Keep in mind, though, that a wartime proportionality analysis is potentially damaging to both sides' conceptions of the conflict. Such an analysis indicates that killing terrorists may be legal under some circumstances but also indicates that terrorism itself might be legal if civilian deaths are in proportion to the direct and concrete military objective. It may be that terrorism and counterterrorism are gray areas between crime and war, and that a new paradigm is necessary to determine the ethics of such conflicts. My clumsy attempt at same can be found here, here and here; unfortunately, the comment threads vanished into the ether when I switched to MT.

Comment from... helena, at February 25, 2004 10:24 PM:

Jonathan, hi, fancy meeting you here again! (And thanks so much for your continuing, really thought-provoking contributions to the Comments boards here.)
You say that my ref to "the use of forceful, sometimes lethal, means in order deliberately to entangle civilian members of the target community in what is in essence a battle of wills between two competing political leaderships," defines war quite concisely. However, one of the most important strands of the Laws of War (a.k.a. international humanitarian law; IHL) has always been to try separate civilians and others who are hors de combat (p.o.w.'s, soldiers wounded on the battlefield) from the battle of wills between two cometing leaderships.

Now of course we can both agree that the 150 years since the emergence of the presently known codes of IHL (Geneva and Hague Conventions, etc) have also been a period in human history in which civilians have been "entangled" against their will in warfare to a greater extent than, quite possibly, any time in the past. That unfortunate and really gruesome fact should not, I think, make us forget the important, very humane aspiration to try to maintain whatever separation can be maintained between the lives of civilians and the battle of wills between the leaderships.

So I disagree with you that the deliberate entanglement of civilians in the battle of wills "define war quite concisely". In fact, if it defines anything quite concisely, it seems to me to me that what it defines is "a grave breach of Laws of War", that is, a war crime.

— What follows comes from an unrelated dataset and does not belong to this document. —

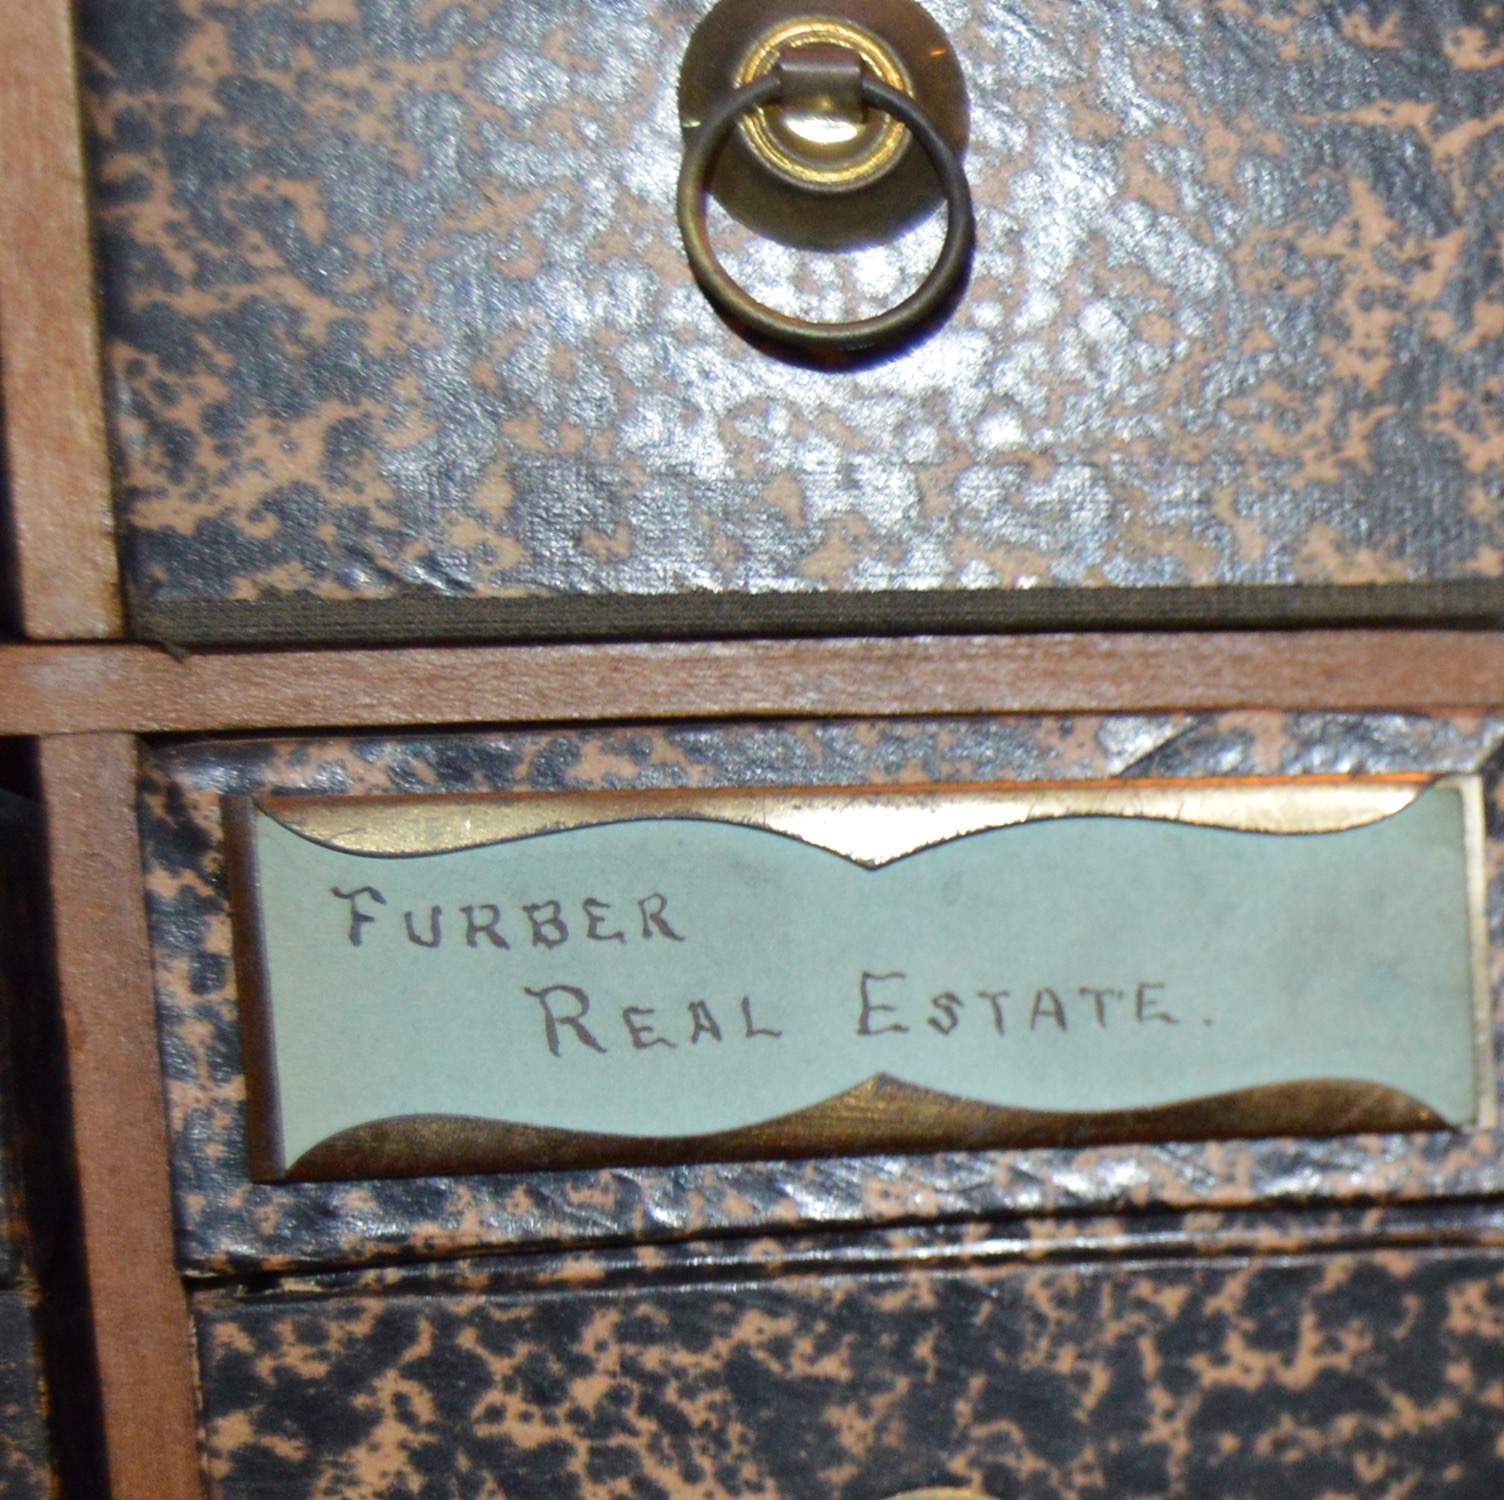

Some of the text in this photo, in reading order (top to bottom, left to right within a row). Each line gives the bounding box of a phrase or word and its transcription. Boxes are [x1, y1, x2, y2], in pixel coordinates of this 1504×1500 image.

[330, 885, 686, 950] FURBER
[523, 970, 1212, 1057] REAL ESTATE.

Comment from... Jonathan Edelstein, at February 27, 2004 10:04 AM:

I spoke carelessly in calling your description of Palestinian and Israeli tactics a definition of war. It isn't a "definition" because there are forms of warfare that fall outside that description and, as you say, the laws of war are designed to prevent such situations. Maybe what I should have said is that your formulation falls within the category of war rather than crime or punishment.

Comment from... Jonathan Edelstein, at March 3, 2004 11:35 AM:

One more thought on this (inspired in part by your "Talking with an Islamist" post): It may be that, although the objectives of terrorism and counterinsurgency are military, their impact on the psychology of Israelis and Palestinians can be understood in terms of collective punishment. There may thus be more relevance to your analysis than I had originally thought.

Comment from... Dawson Richard , at June 3, 2004 11:05 PM:

I dont know what to say, but i likeed it.